I didn’t read any actual, professional, fedora-wearing detectives, only Nancy Drew, if she counts. A girl sleuth!—that seemed an interesting extension of science class—and she did have a raincoat, plus a plump friend and a tomboy friend, as did we all. As for biographies, I was most enthralled by Virginia Dare and Harriet Tubman, whose biographies necessarily contained a certain amount of invention.
Did you ever want to be any of those people?
When I read fairy tales, there were people who lived happily ever after that I wanted to be—especially the brunettes, like Snow White. But biographies were so full of struggle and greatness and then of course the person was dead, so it never occurred to me to want to be them.
What sort of books did your parents read?
Nonfiction. My mother went through a big Eleanor Roosevelt period, and for Christmas we would just buy her anything that had the words “Eleanor Roosevelt” on it. Sometimes just “Roosevelt.” Sometimes just some random thing with Eleanor’s picture would do.
What posters did you have up on your walls?
Some really stupid ones: things unfolded from John and Yoko’s Wedding Album, and one that said LIFE IS A GAS. AT 39 CENTS A GALLON.
Who was your favorite poet in your adolescence?
George Meredith.
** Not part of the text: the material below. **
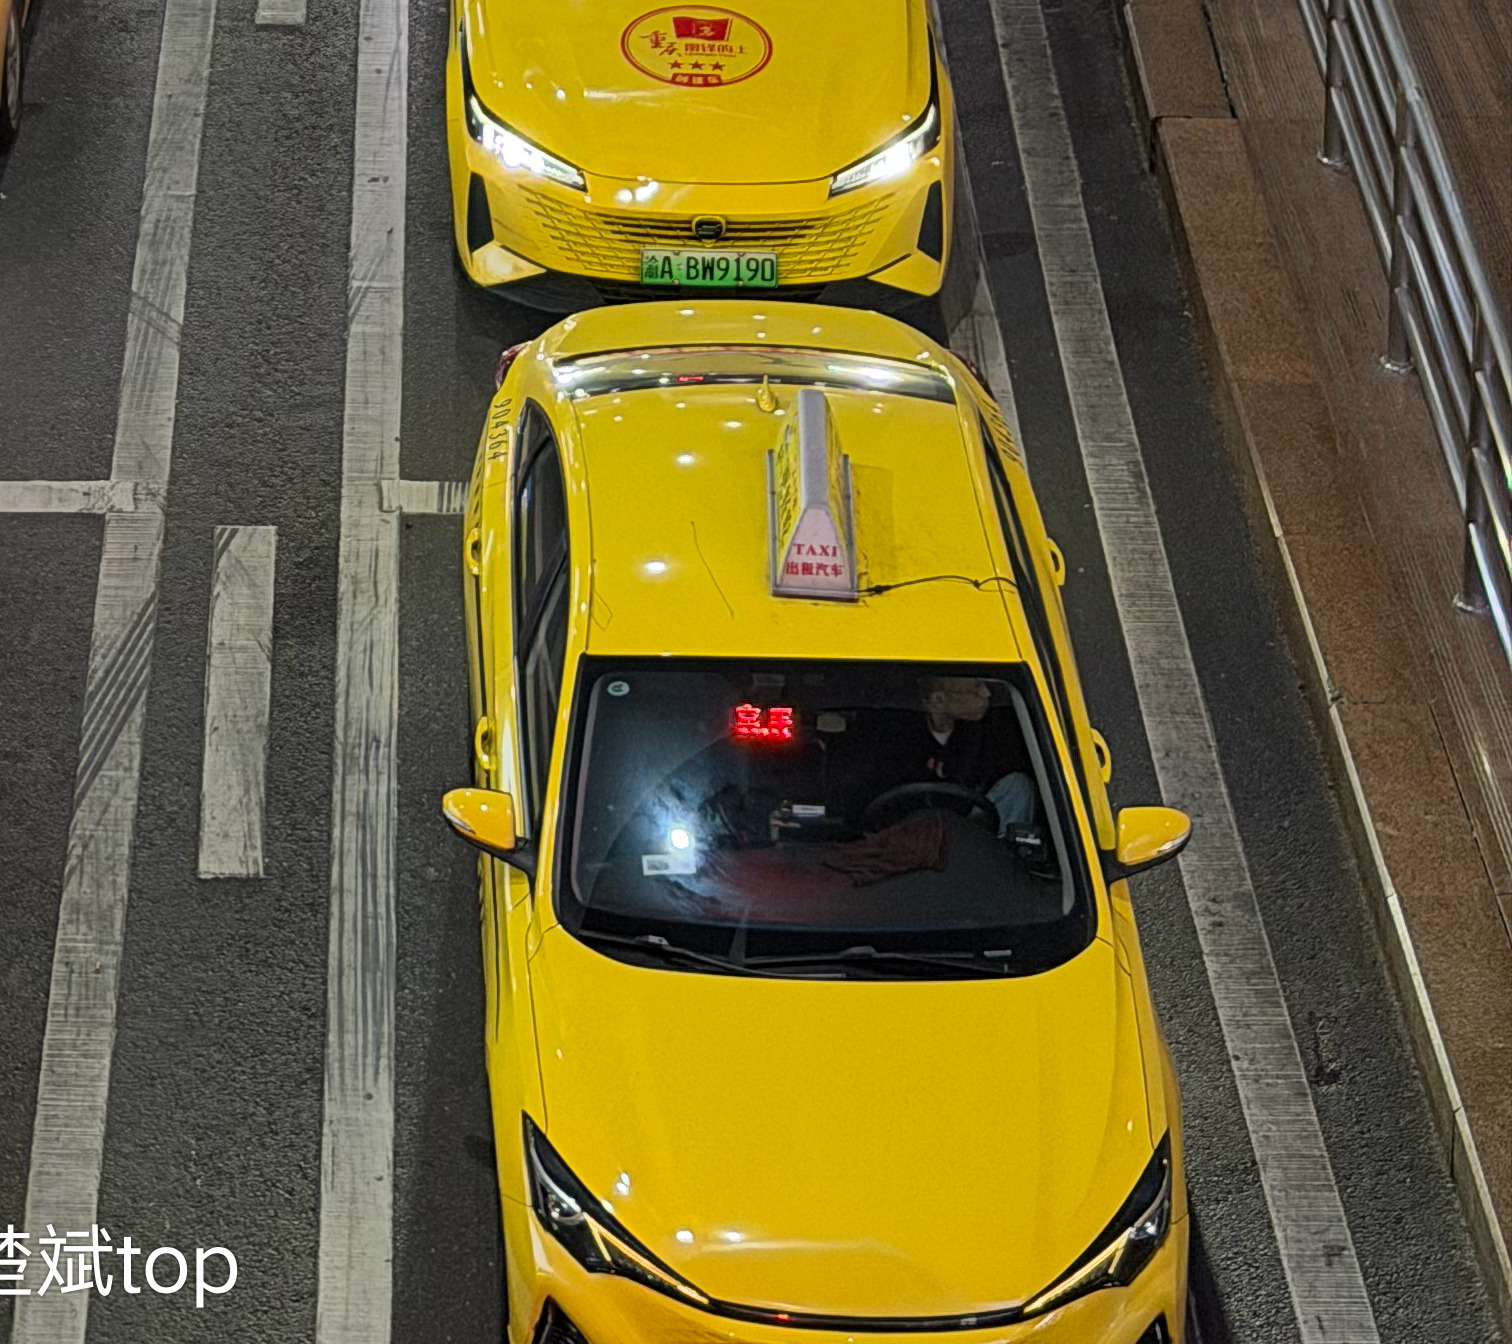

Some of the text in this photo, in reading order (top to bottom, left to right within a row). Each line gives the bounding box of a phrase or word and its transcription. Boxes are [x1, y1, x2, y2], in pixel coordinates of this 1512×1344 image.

[685, 255, 775, 282] BW9190
[791, 543, 838, 558] TAXI
[785, 562, 844, 578] 出租汽车
His “Modern Love” always made me cry. I was pathetically, heartbrokenly attached to sad, bad marriages even before I’d ever been out on a date.
Any songs stick out from that period?
The soundtrack to Porgy and Bess—and Funny Girl and Carousel. I do a very reverential Billie Holiday imitation that’s a complete room-emptier. My parents were constantly playing music in the house—Brahms and Joan Baez. By the time I had my own record player, I was listening to a lot of Laura Nyro, especially her redo of “Gonna Take a Miracle” with Patti LaBelle as a backup singer. When you have Patti LaBelle as a backup singer, you know you have performed a curious inversion.
Did you go to concerts?
Sure. There once was a Bruce Springsteen concert outside in Saratoga Springs, and we were all waiting on the lawn, in the rain, and he came out three hours early with an acoustic guitar and sang “Who’ll Stop the Rain?” and the rain stopped. My favorite song of his is “Meeting Across the River”—a perfect, beautiful searing thing. But probably the most thrilling thing I saw onstage was Hendricks, Fassbaender, and Soederstrom in Der Rosenkavalier. By the end, everyone’s hair was standing on end.
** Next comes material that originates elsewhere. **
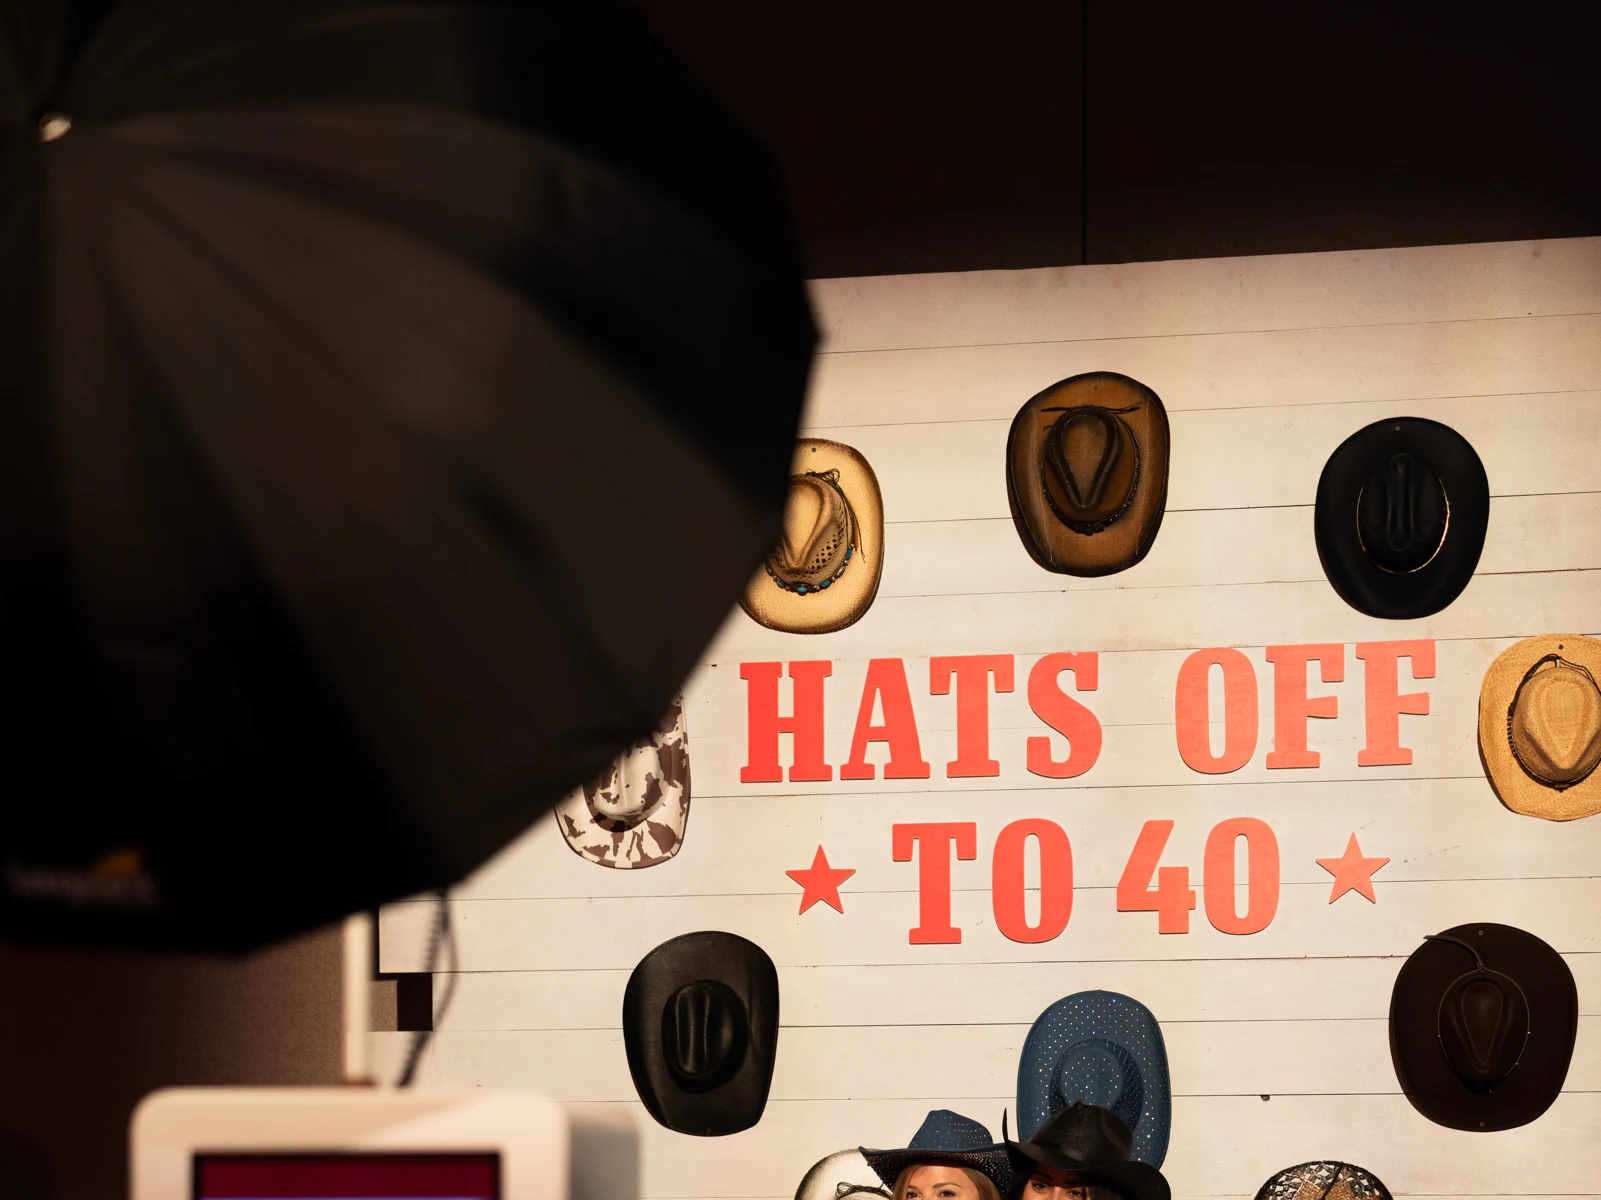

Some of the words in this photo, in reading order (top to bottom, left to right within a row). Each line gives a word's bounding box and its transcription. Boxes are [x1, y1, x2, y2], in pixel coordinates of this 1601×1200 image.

[740, 653, 1103, 782] HATS
[1176, 639, 1437, 773] OFF
[892, 818, 1073, 943] TO
[1116, 818, 1280, 935] 40
Any visual artists you particularly admire?
Well, I’m dating one. We’ll see.
You once defended Titanic at length, saying, “I am interested in the cinematic grapplings of Eros and Thanatos as performed, attractively, by young people.” What other movies fulfill those criteria?
Let me plead for mercy. It was the shortest essay in the book. And if it wasn’t, it should have been. As for other movies, the best ones might be Terrence Malick’s Days of Heaven, Zeffirelli’s Romeo and Juliet. On the Waterfront. West Side Story. I’m still trying to find someone who recalls this movie I saw as a very young child called My Pal Wolf, about a little girl who takes in what she thinks is a lovely lost wolf, though it turns out he is just an escaped police dog and she has to return him to the police. Some days I feel all my work has come out of that one movie.
What would your readers be surprised that you’re into—preferably something embarrassing?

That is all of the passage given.